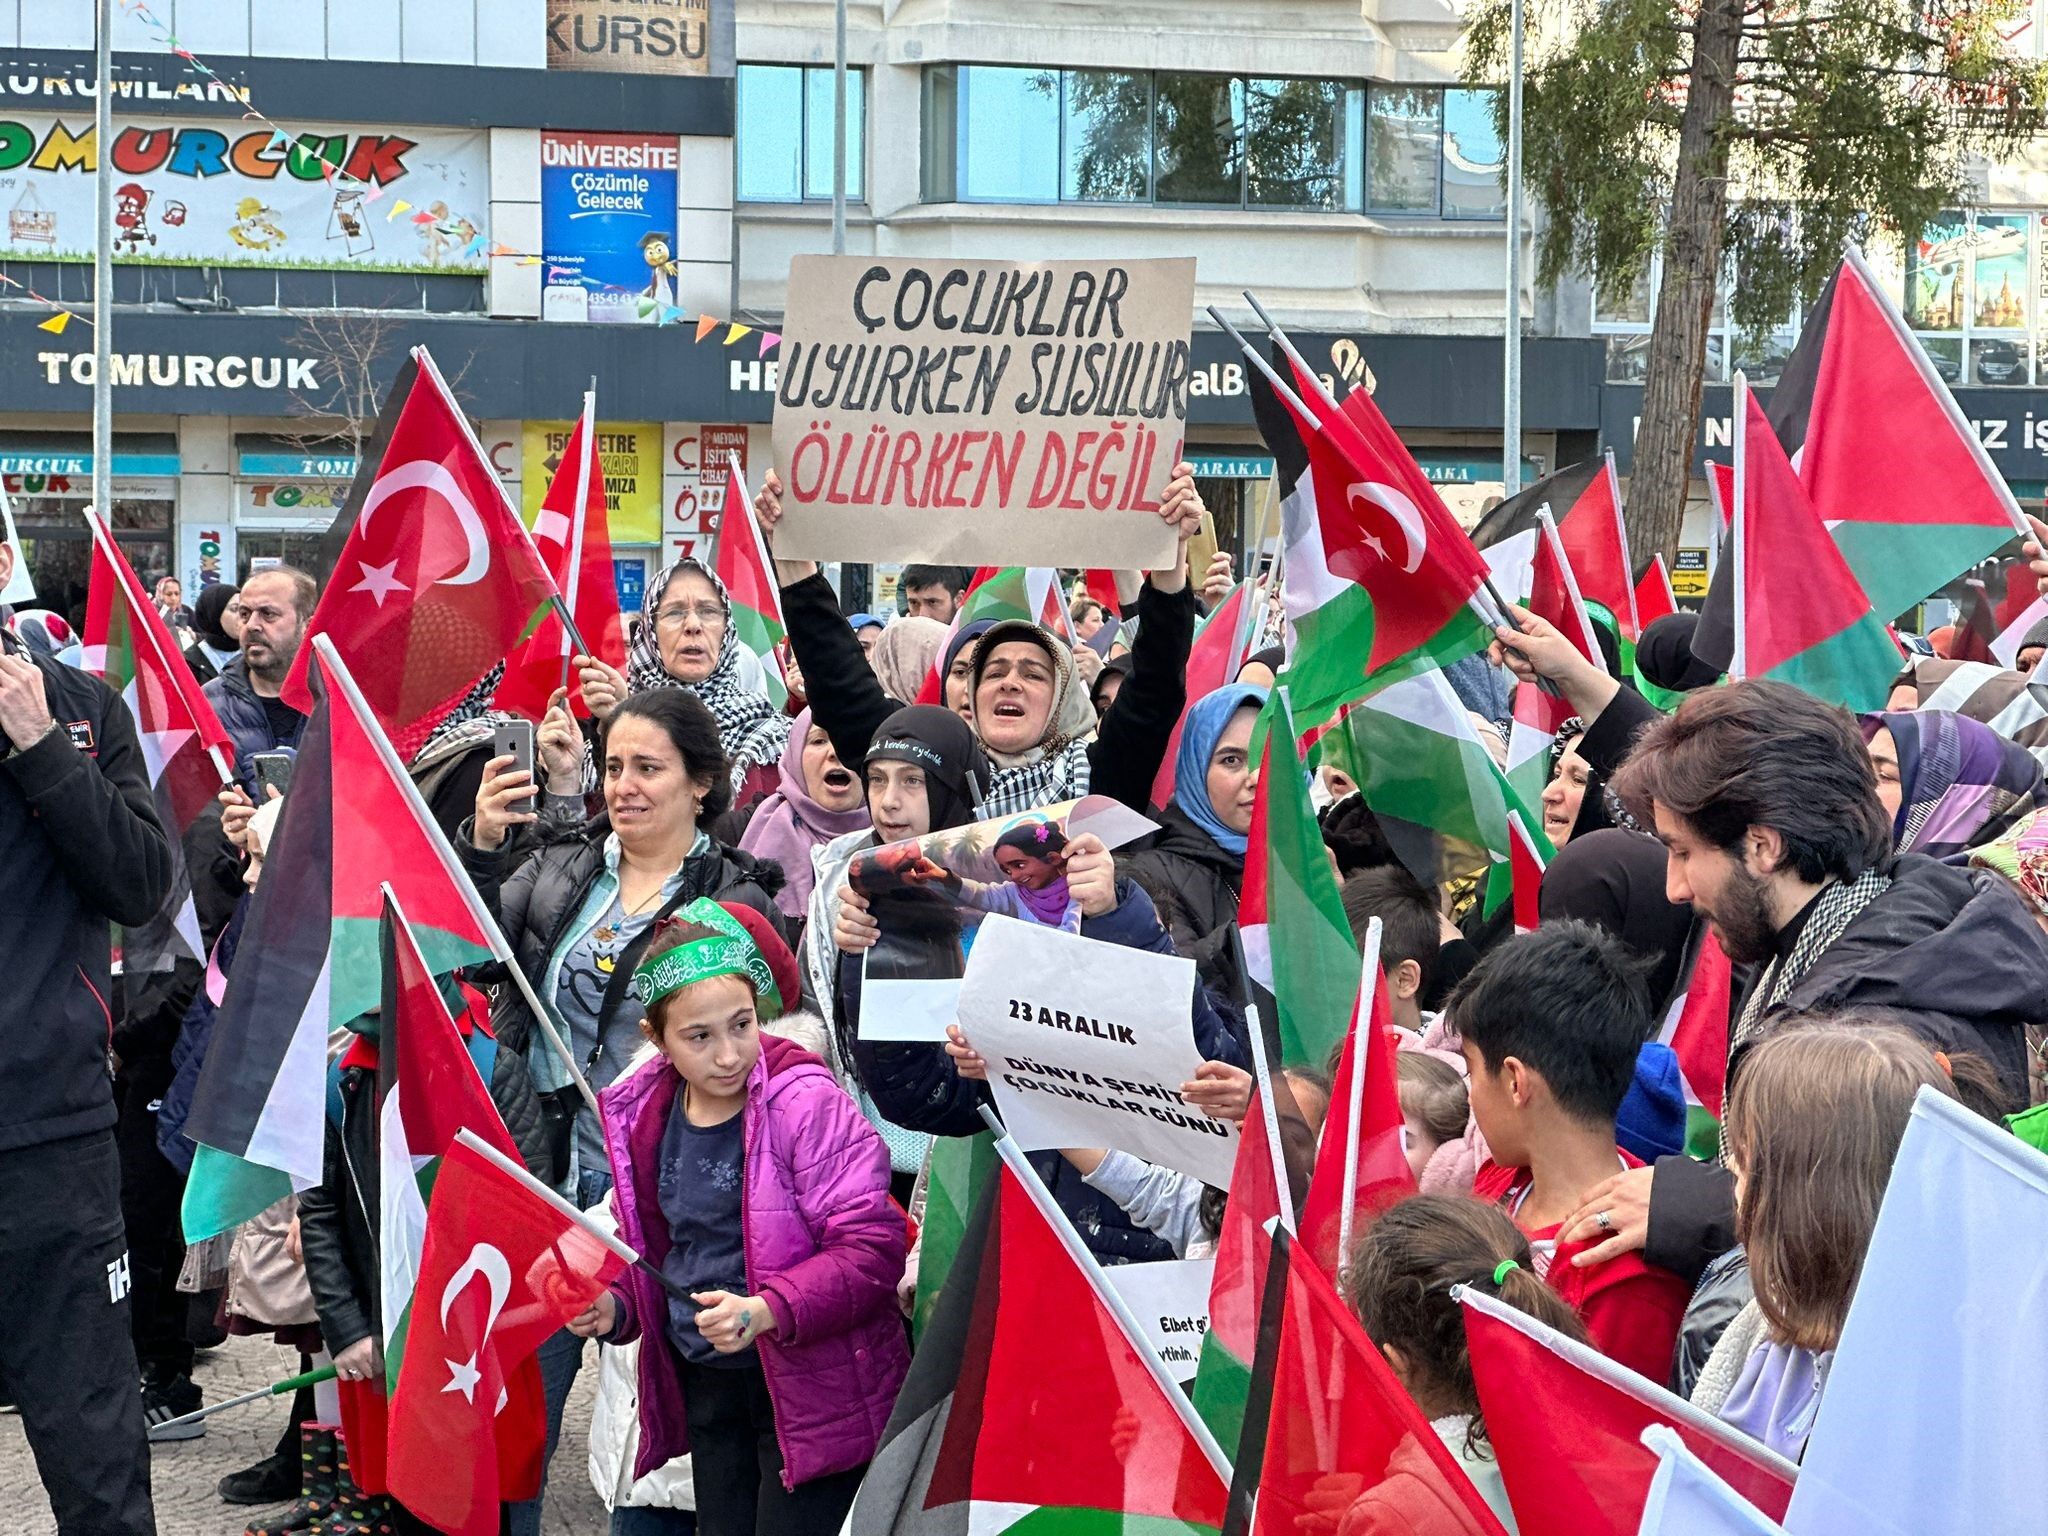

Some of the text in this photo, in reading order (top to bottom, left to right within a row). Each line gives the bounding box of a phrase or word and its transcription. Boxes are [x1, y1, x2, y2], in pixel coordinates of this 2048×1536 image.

[542, 139, 677, 168] ÜNİVERSİTE
[571, 172, 649, 193] Çözümle
[577, 192, 643, 210] Gelecek
[853, 266, 1128, 338] ÇOCUKLAR
[38, 352, 320, 390] TOMURCUK
[779, 339, 1189, 420] UYURKEN SUSULUR
[713, 431, 745, 445] MEYDAN
[791, 420, 1026, 509] ÖLÜRKEN
[1009, 1000, 1137, 1045] 23 ARALIK
[1004, 1057, 1186, 1106] DÜNYA ŞEHİT
[1003, 1073, 1229, 1138] ÇOCUKLAR GÜNÜ
[1160, 1316, 1195, 1333] Elbet

.....

** What is required **
All records above are to be repeated exactly, with the images left out.

** Task output **
Some of the text in this photo, in reading order (top to bottom, left to right within a row). Each line gives the bounding box of a phrase or word and its transcription. Boxes are [x1, y1, x2, y2], in pixel coordinates of this 2048×1536 image.

[542, 139, 677, 168] ÜNİVERSİTE
[571, 172, 649, 193] Çözümle
[577, 192, 643, 210] Gelecek
[853, 266, 1128, 338] ÇOCUKLAR
[38, 352, 320, 390] TOMURCUK
[779, 339, 1189, 420] UYURKEN SUSULUR
[713, 431, 745, 445] MEYDAN
[791, 420, 1026, 509] ÖLÜRKEN
[1009, 1000, 1137, 1045] 23 ARALIK
[1004, 1057, 1186, 1106] DÜNYA ŞEHİT
[1003, 1073, 1229, 1138] ÇOCUKLAR GÜNÜ
[1160, 1316, 1195, 1333] Elbet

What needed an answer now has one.